- **Available data**
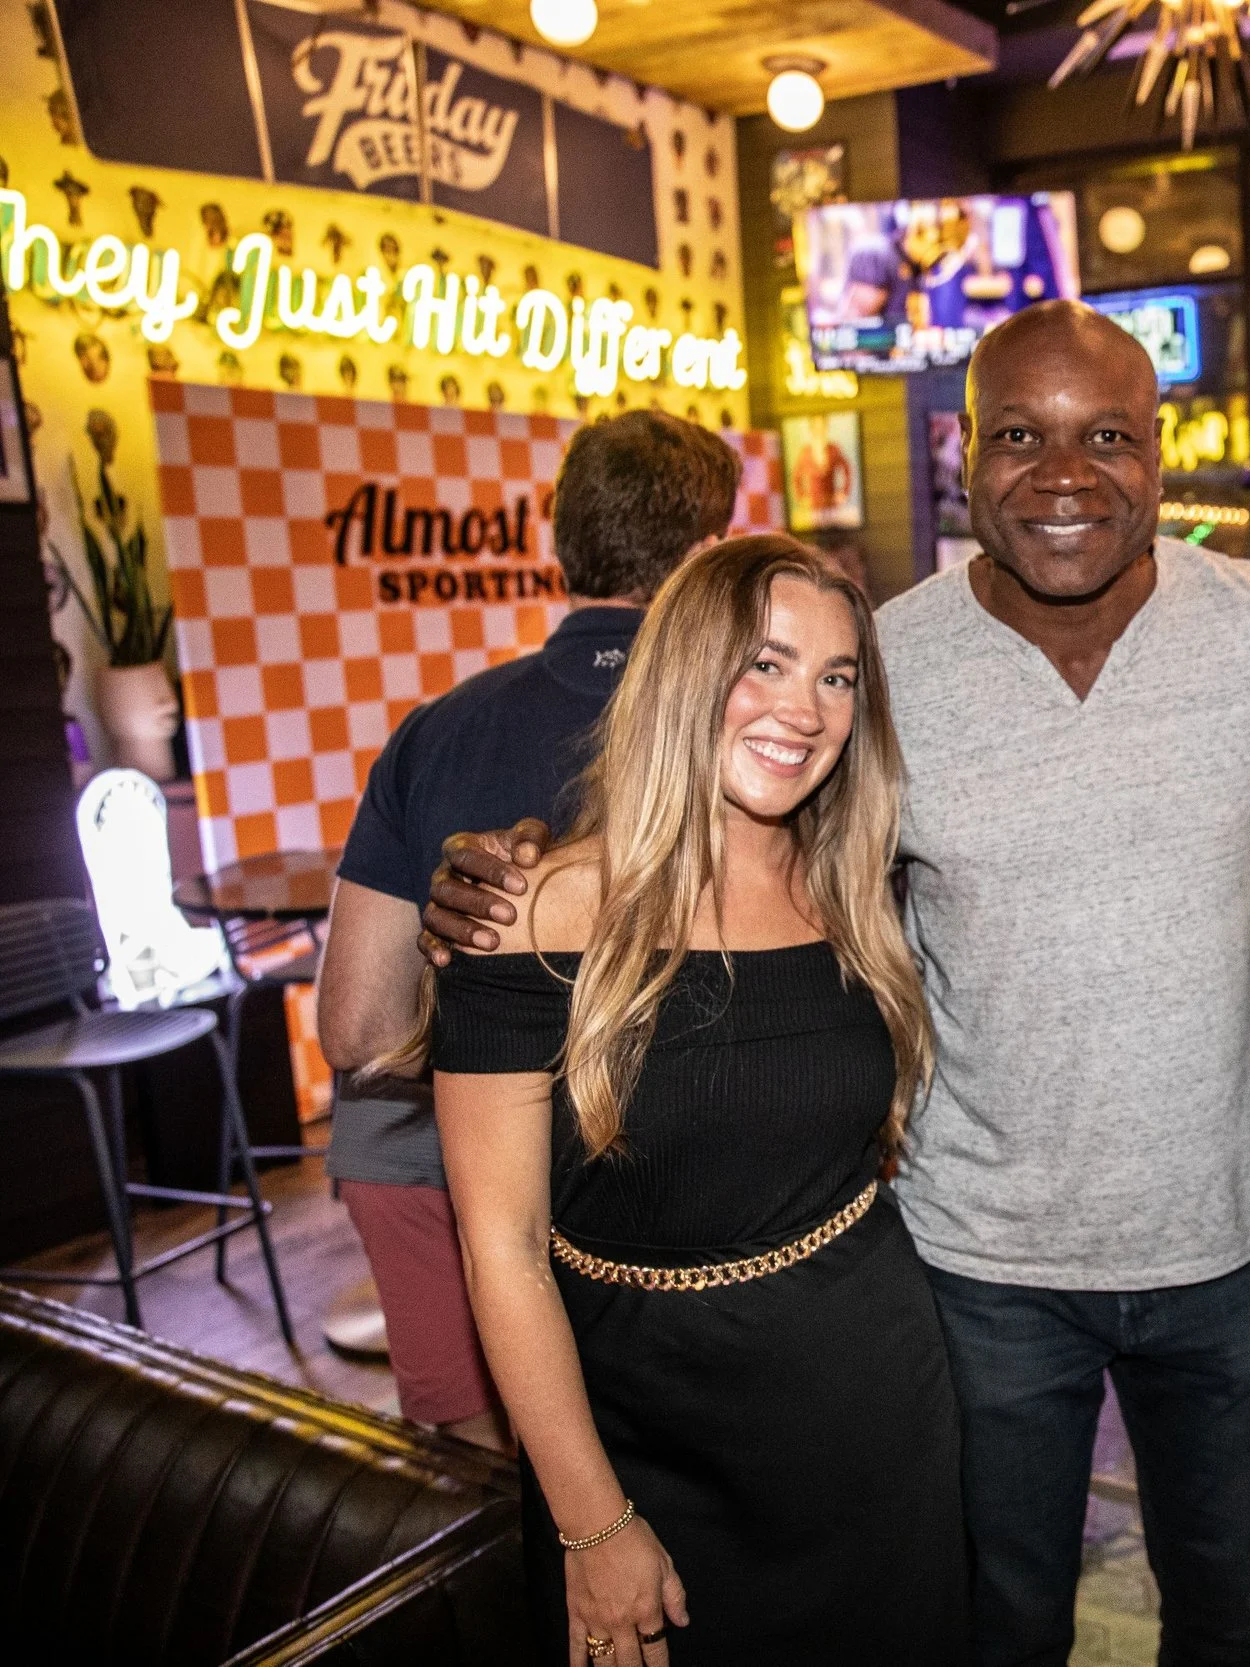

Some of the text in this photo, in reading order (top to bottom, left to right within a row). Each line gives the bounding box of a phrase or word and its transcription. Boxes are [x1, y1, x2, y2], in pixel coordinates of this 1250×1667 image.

[291, 31, 519, 168] Friday
[358, 131, 464, 184] BEERS
[0, 188, 198, 343] hey
[216, 232, 397, 350] Just
[402, 264, 511, 357] Hit
[516, 288, 747, 397] Different
[325, 483, 530, 567] Almost

- **Exercise instructions**
Omit the pictures, and quote the material above exactly as given.

- **Solution to this exercise**
Some of the text in this photo, in reading order (top to bottom, left to right within a row). Each line gives the bounding box of a phrase or word and its transcription. Boxes are [x1, y1, x2, y2], in pixel coordinates of this 1250×1667 image.

[291, 31, 519, 168] Friday
[358, 131, 464, 184] BEERS
[0, 188, 198, 343] hey
[216, 232, 397, 350] Just
[402, 264, 511, 357] Hit
[516, 288, 747, 397] Different
[325, 483, 530, 567] Almost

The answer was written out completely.